As Director, Reliability Engineering (RE), you will inspire a team of diverse RE’s with your leadership and passion for increasing system reliability. You will coordinate RE engagement needs across the organization focused on anticipating, identifying and solutioning for some of the most complex production issues impacting the business. You will provide a single interface to engineering leadership and partner with Product and UX leadership to ensure overall product success.
The ideal candidate is interested in building scalable infrastructure, adding system resiliency, improving developer productivity, automating everything that can (and should) be automated, as well as being a thoughtful people manager and leader. They will oversee a team of RE engineers responsible for overall system health, availability, performance and reducing operational issues as well as the long-term strategy for our infrastructure.

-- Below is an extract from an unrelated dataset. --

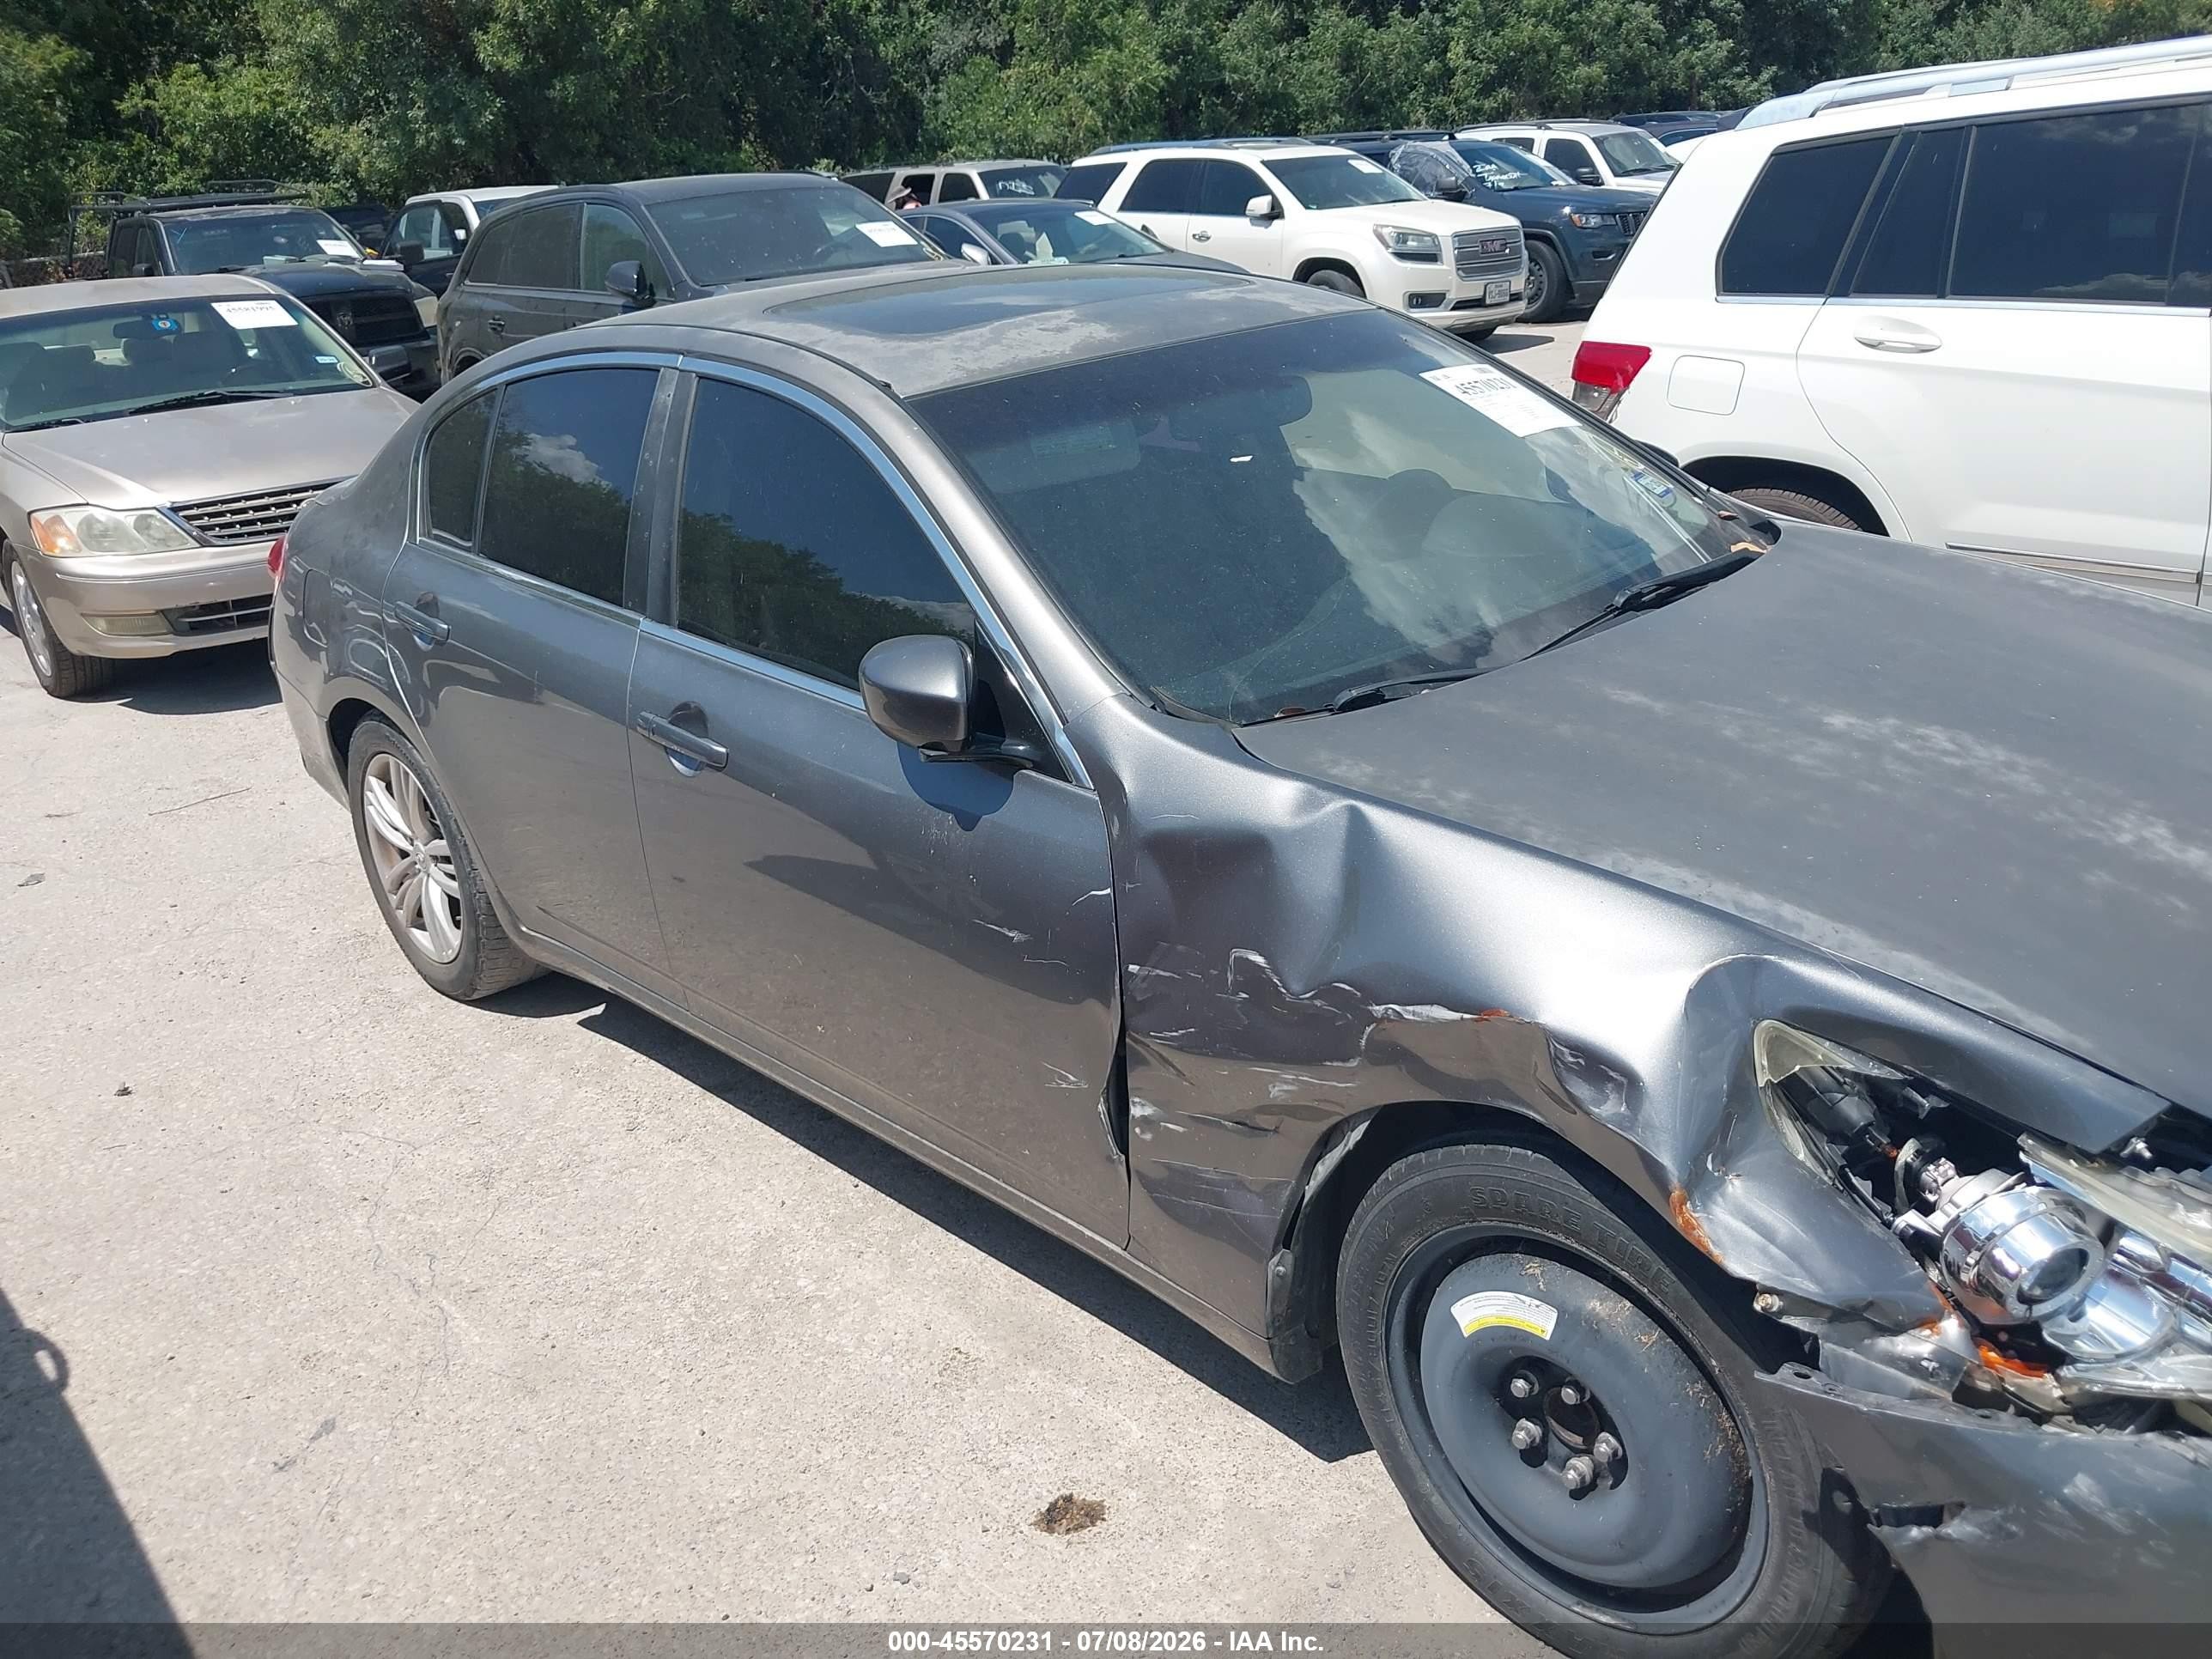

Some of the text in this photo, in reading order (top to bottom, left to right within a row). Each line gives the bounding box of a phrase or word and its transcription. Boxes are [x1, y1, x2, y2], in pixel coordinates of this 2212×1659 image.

[1455, 377, 1517, 396] 45570231
[1469, 1186, 1676, 1293] SPARE TIRE

You will report to the VP, Technology services and be based in our Pittsburgh office.
Evaluate RE requirements and build out RE team to scale:
Drive the reliability of business critical services in a complex distributed ecosystem
Develop a set of support practices for all Vertical (business facing) Product Teams, as well as Foundational (shared services including Platform, Infrastructure, Security, D&A) technology domains
Partner with domain teams to steer product roadmaps and ensure reliability is built in
Serve as an extension of these domains by discovering ways to improve support operations.
Creating scalable engineering solutions will be at the heart of what you do.
As the primary leader of RE, you will study and understand RE industry best practice and help to elevate the company’s status within the broader RE community.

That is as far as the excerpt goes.